Rather than integrate with the rest of Latin America,
Argentina held itself apart from and above its neighbors,
an attitude encouraged by its isolation at the southern end
of the continent. Other Latin Americans responded in kind,
with sayings like: "An Argentine is an Italian who speaks
Spanish, wishes he were English, acts like he is French and
suffers under a German army."
But beginning with a military coup in 1930, that self-image
failed one test after another. For the next 50 years, the
country remained imprisoned in a disastrous cycle in which
authoritarian military rule gave way to civilian
governments so inept that they provoked new army uprisings,
culminating in the brutal dictatorship in which more than
20,000 people disappeared between 1976 and 1983.
Though the armed forces remain so discredited that they are
no longer seen as a threat, 20 years of democracy have only
left Argentines discouraged and humbled. Years of
four-digit inflation were followed by a burst of
dollar-fueled growth and frenzied consumption, but that
quickly evaporated into a four-year recession, one that has
yet to hit bottom.
Reluctant to accept that reality, "we Argentines continue
to be fascinated by the rich country Argentina once was"
instead of the poor country it has become, Mr. Grondona
said. Though the evidence of ruin is everywhere, "we
continue to deny it in the name of a fantasy."
Over the last decade, Argentina has opened to its Latin
American neighbors and the rest of the world, finally
realizing that it could no longer afford standoffishness.

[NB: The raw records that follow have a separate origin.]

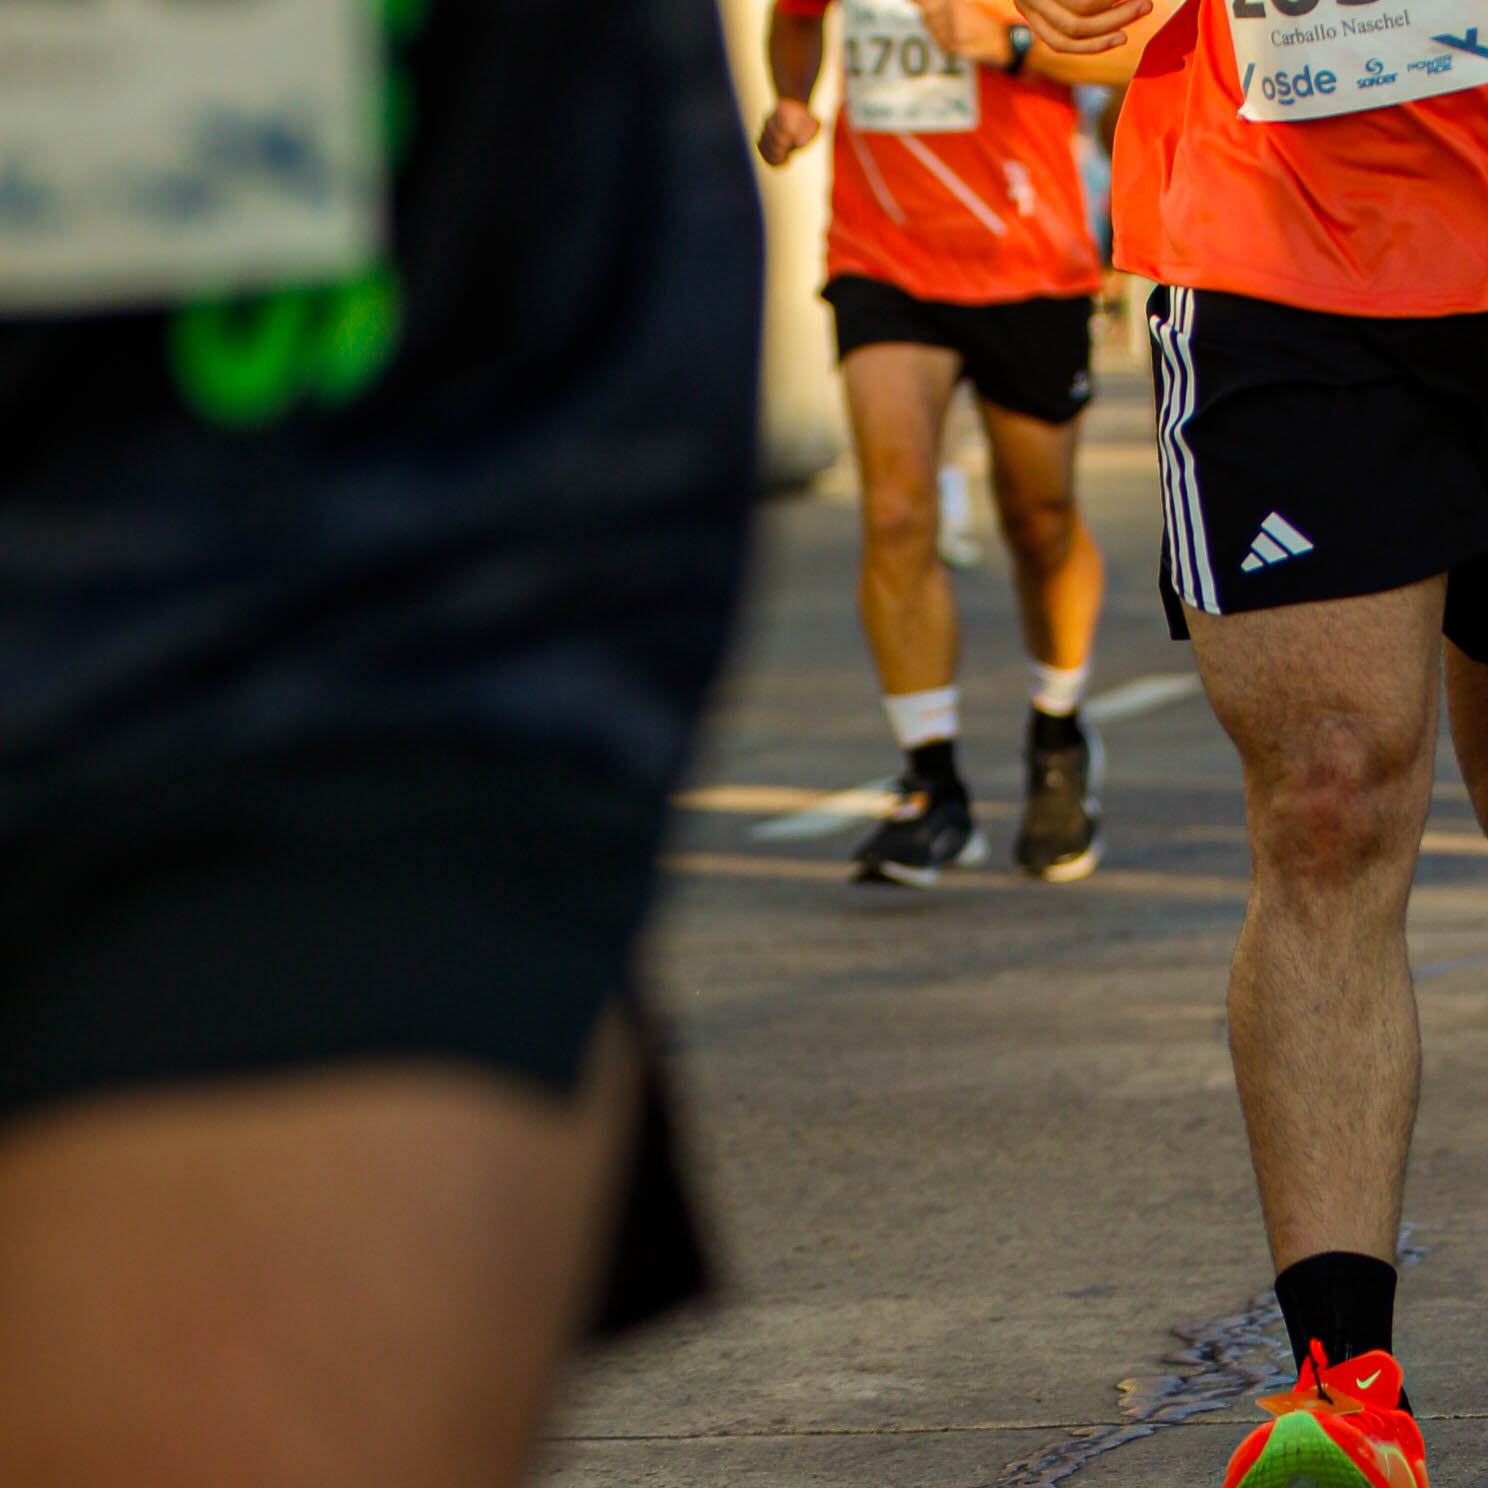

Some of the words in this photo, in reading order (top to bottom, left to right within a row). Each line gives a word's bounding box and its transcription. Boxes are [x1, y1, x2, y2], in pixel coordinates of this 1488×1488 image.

[1270, 23, 1337, 47] Carballo
[1341, 9, 1411, 37] Naschel
[1262, 63, 1337, 102] osde
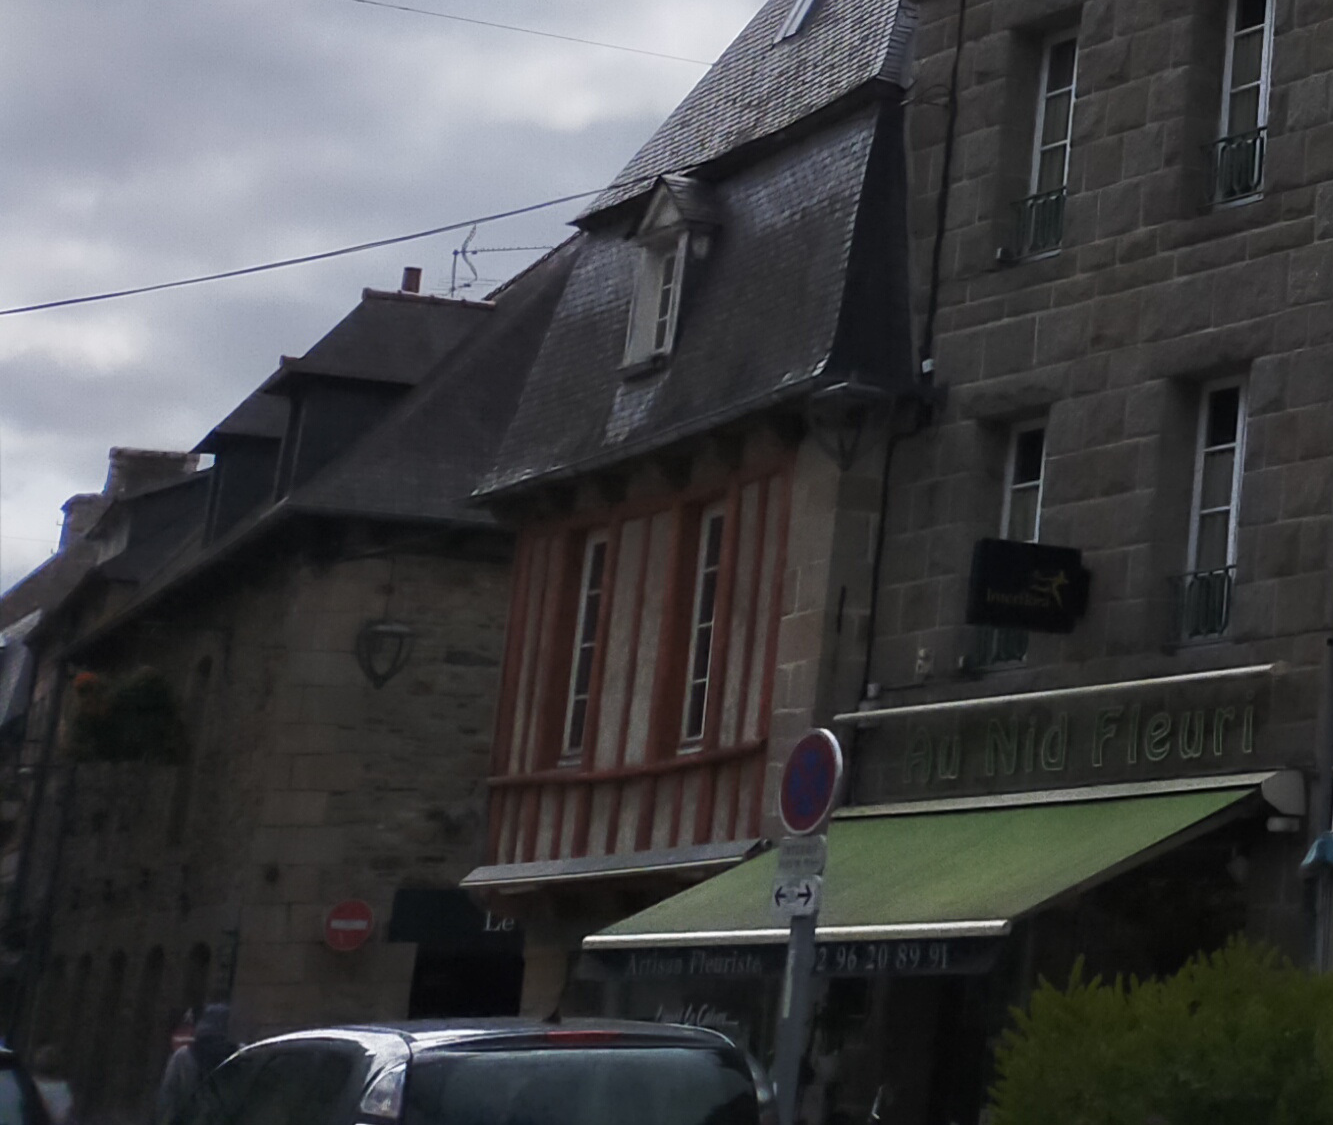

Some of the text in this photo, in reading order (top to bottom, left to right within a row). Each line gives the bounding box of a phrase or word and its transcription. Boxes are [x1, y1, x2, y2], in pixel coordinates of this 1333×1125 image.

[903, 689, 1254, 784] Au Nid Fleuri
[483, 909, 515, 932] Le
[835, 943, 857, 971] 96
[865, 942, 888, 970] 20
[896, 941, 920, 970] 89
[928, 941, 948, 969] 91

But the old problem of a rapacious ruling class has been
compounded by the arrival of foreign companies willing, it
appears in retrospect, to do anything to get a slice of the
pie, including payment of bribes in return for sweetheart
contracts.
"The looting of the country comes from both within and
outside," said Marcos Aguinis, author of "The Intolerable
Charm of Being Argentine," a recent best seller. "Foreign
investment here didn't take risks either. What came was
volatile short- term capital looking for a quick return and
an easy exit, content to earn a 20 percent rate of return
and send the money home instead of reinvesting."

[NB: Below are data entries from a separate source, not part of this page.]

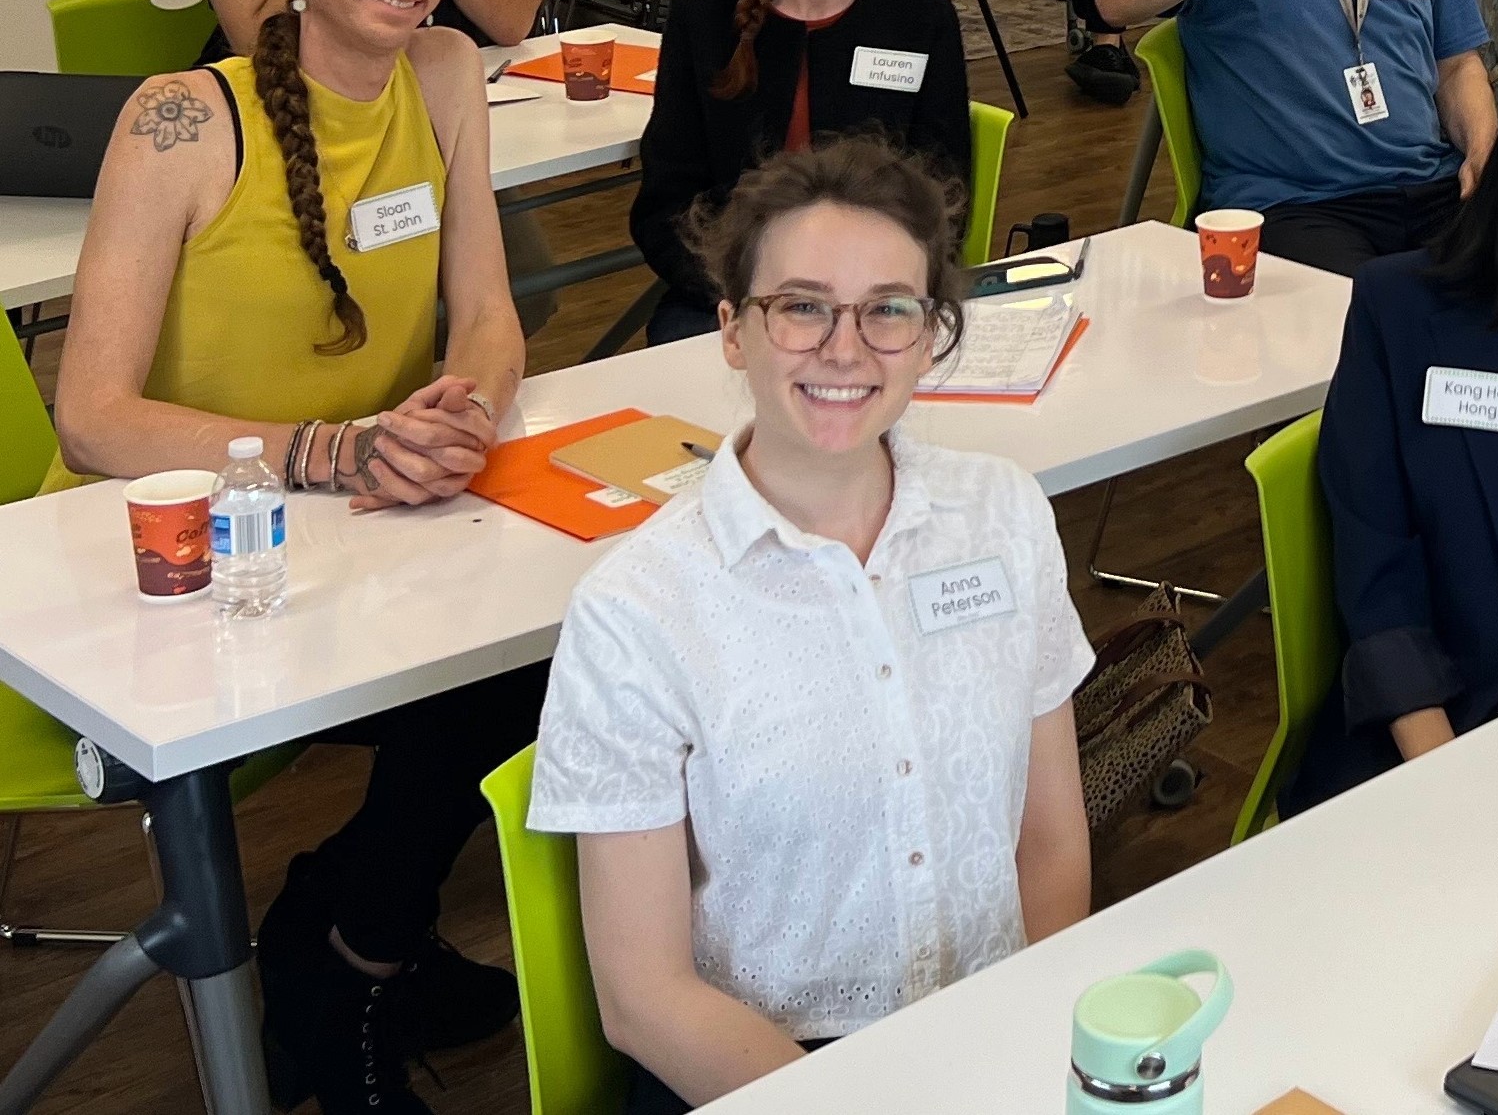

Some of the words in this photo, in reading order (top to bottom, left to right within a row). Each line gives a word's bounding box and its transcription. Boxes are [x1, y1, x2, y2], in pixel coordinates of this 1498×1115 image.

[872, 56, 913, 69] Lauren
[869, 71, 915, 85] Infusino
[376, 201, 411, 219] Sloan
[392, 214, 422, 232] John
[1444, 380, 1482, 401] Kang
[1458, 400, 1497, 420] Hong
[941, 575, 981, 596] Anna
[931, 589, 1002, 617] Peterson

No one can say that Argentines, the most highly literate
population in Latin America, are not reflective about
themselves or their national malaise. Buenos Aires is said
to have the heaviest per capita concentration of
psychoanalysts of any city in the world, and even with the
country in ruins, fliers continue to be posted on walls
here inviting the depressed to group therapy sessions that
teach how to "live with joy and little money."

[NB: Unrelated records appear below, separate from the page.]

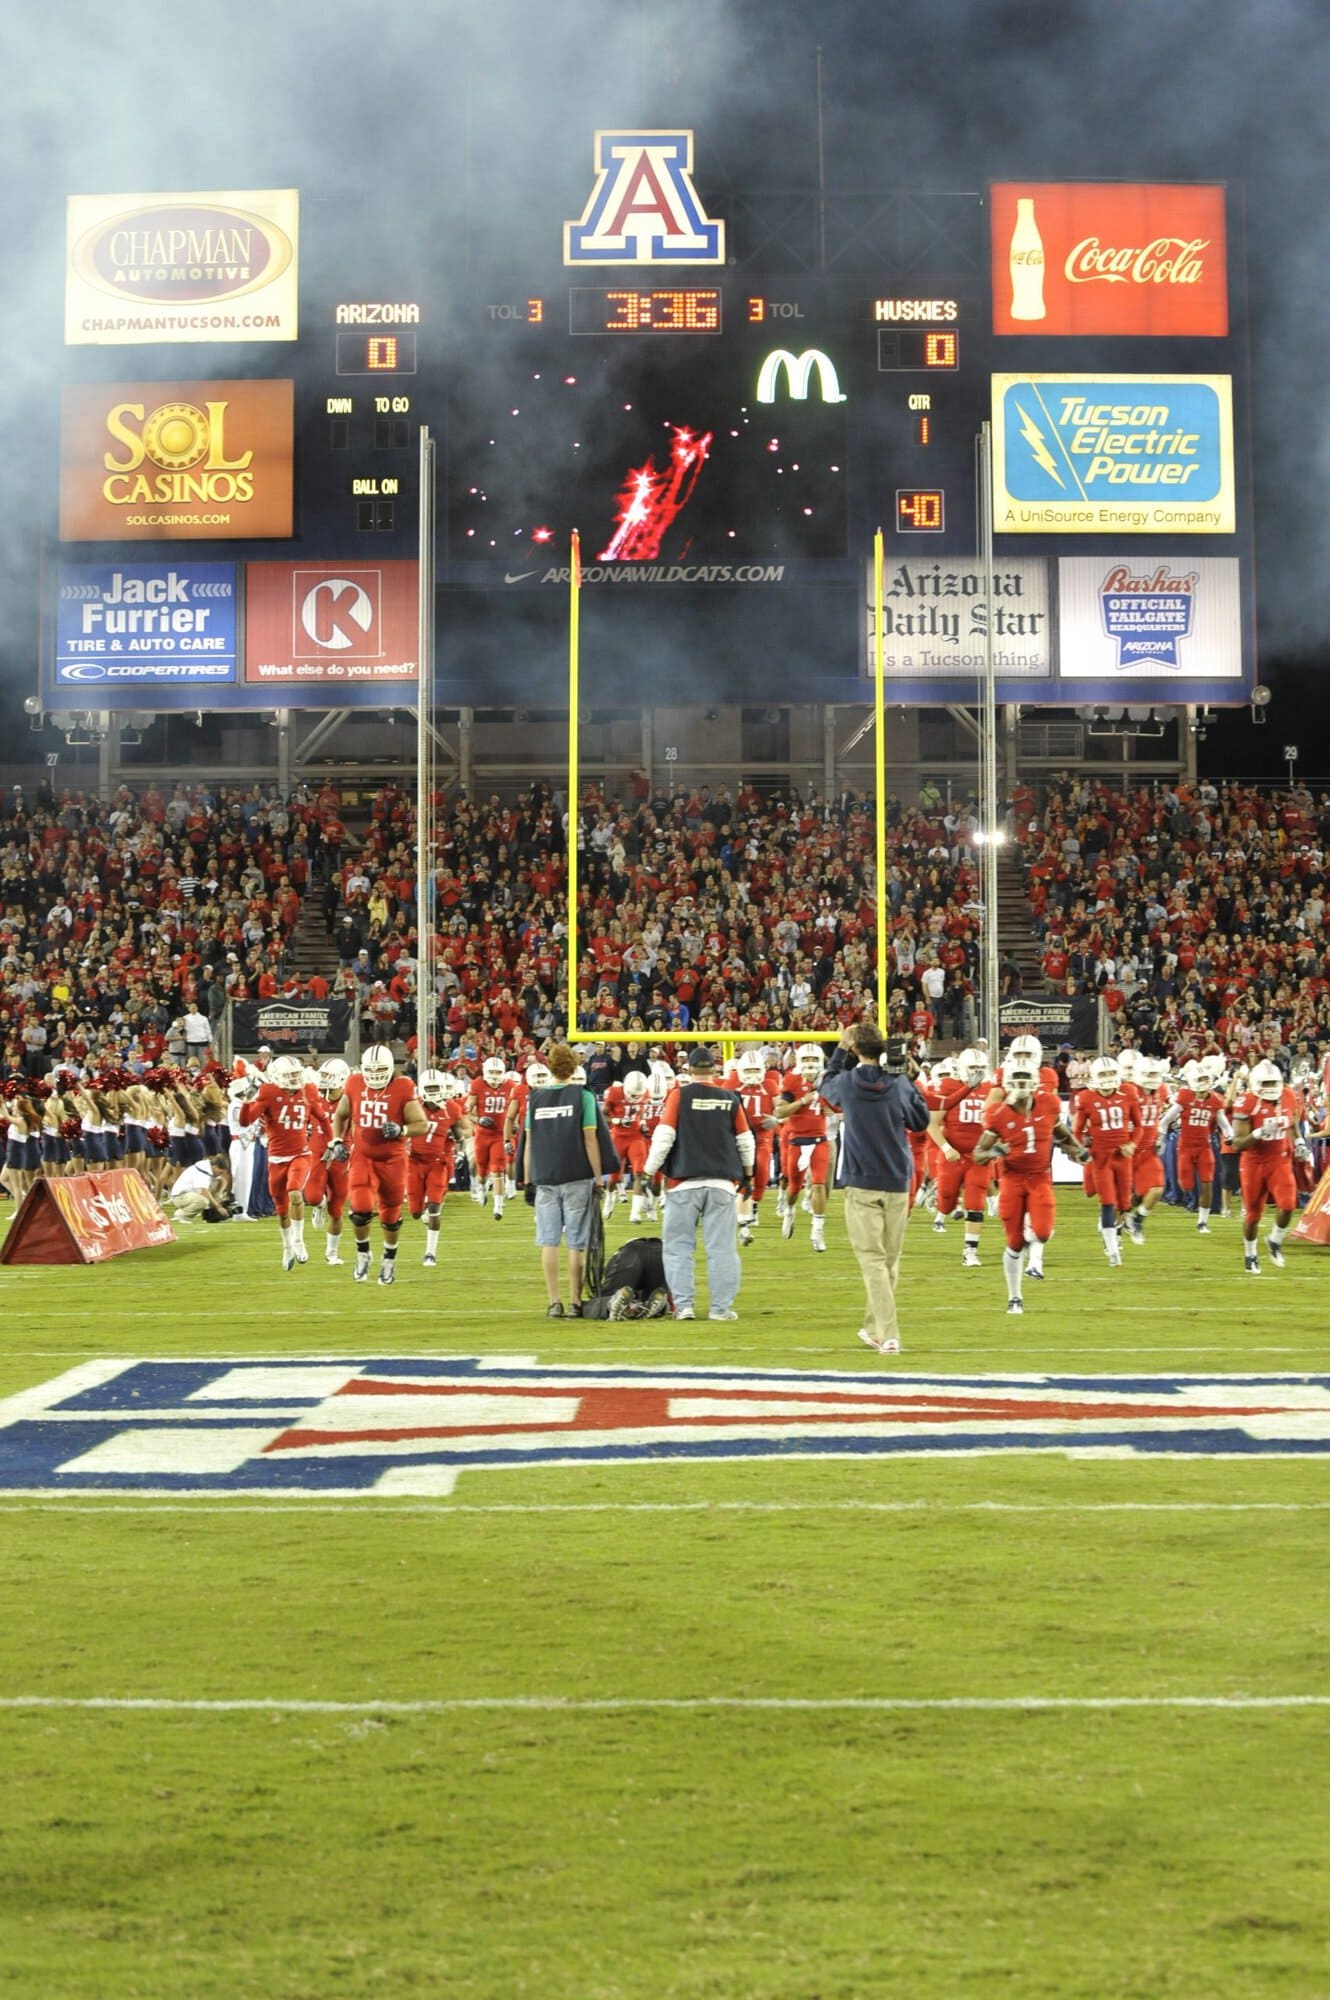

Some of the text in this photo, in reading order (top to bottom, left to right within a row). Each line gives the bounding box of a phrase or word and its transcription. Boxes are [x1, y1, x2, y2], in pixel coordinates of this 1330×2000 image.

[564, 129, 725, 266] A
[110, 228, 254, 267] CHAPMAN
[1064, 236, 1211, 284] Coca-Cola
[113, 266, 250, 282] AUTOMOTIVE
[336, 304, 419, 324] ARIZONA
[488, 304, 522, 320] TOL
[528, 299, 543, 322] 3
[606, 291, 717, 329] 3:36
[749, 298, 764, 321] 3
[769, 303, 804, 319] TOL
[875, 300, 957, 321] HUSKIES
[82, 315, 281, 331] CHAPMANTUCSON.COM
[368, 337, 397, 369] 0
[926, 334, 955, 366] 0
[327, 398, 352, 414] DWN
[375, 398, 409, 413] TO GO
[909, 394, 931, 410] QTR
[1058, 397, 1170, 427] Tucson
[104, 401, 253, 472] SOL
[1070, 426, 1200, 456] Electric
[1084, 456, 1200, 485] Power
[103, 472, 254, 505] CASINOS
[353, 479, 398, 495] BALL ON
[126, 513, 230, 526] SOLCASINOS.COM
[900, 495, 940, 526] 40
[1005, 509, 1222, 526] A UniSource Energy Company
[541, 565, 785, 584] ARZONAWILDCATS.COM
[103, 572, 190, 604] Jack
[1109, 599, 1186, 610] OFFICIAL
[82, 603, 210, 634] Furrier
[306, 579, 372, 650] K
[866, 603, 1046, 645] Daily Star
[1109, 611, 1186, 623] TAILGATE
[1109, 624, 1186, 632] HEADQUARTERS
[67, 638, 225, 652] TIRE & AUTO CARE
[1123, 641, 1174, 651] ARIZONA
[869, 651, 1040, 669] I's a Tucson thing
[258, 663, 416, 677] What else do you need?
[47, 752, 58, 766] 27
[665, 746, 678, 760] 28
[1284, 745, 1298, 760] 29
[1001, 1008, 1041, 1016] AMERICAN
[360, 1100, 388, 1128] 55
[484, 1096, 506, 1113] 90
[534, 1105, 573, 1120] ESPN
[691, 1098, 733, 1112] ESPN
[959, 1099, 986, 1123] 62
[277, 1105, 306, 1130] 43
[1021, 1126, 1037, 1153] 1

Borges was no friend of psychoanalysis, and as he saw it,
the typically Argentine bemoaning of "our solitude, our
perdition and our primitive character has, like
existentialism, the charms of poignancy." But even that
emphasis on melancholy self-examination has now come to be
seen as a symptom of the country's ills and skewed
priorities.
"Instead of investing in technology and science, the effort
was put into training psychiatrists and lawyers because
that was easier and didn't require as much expense." said
Mr. Aguinis, a former minister of culture. "We had the same
level of human talent as Brazil, if not better. But they
were the ones who ended up industrializing, not us, because
they were willing to spend money on equipment and
laboratories to train engineers and chemists."
What the current crisis requires, most Argentines say, is
action, and not more "cafe chatter." But the country
remains divided and disorderly, perhaps as much so as in
1925, when Argentina was nearing the end of its golden age
and Albert Einstein, visiting here and puzzled by what he
saw, asked, "How can so disorganized a country progress?"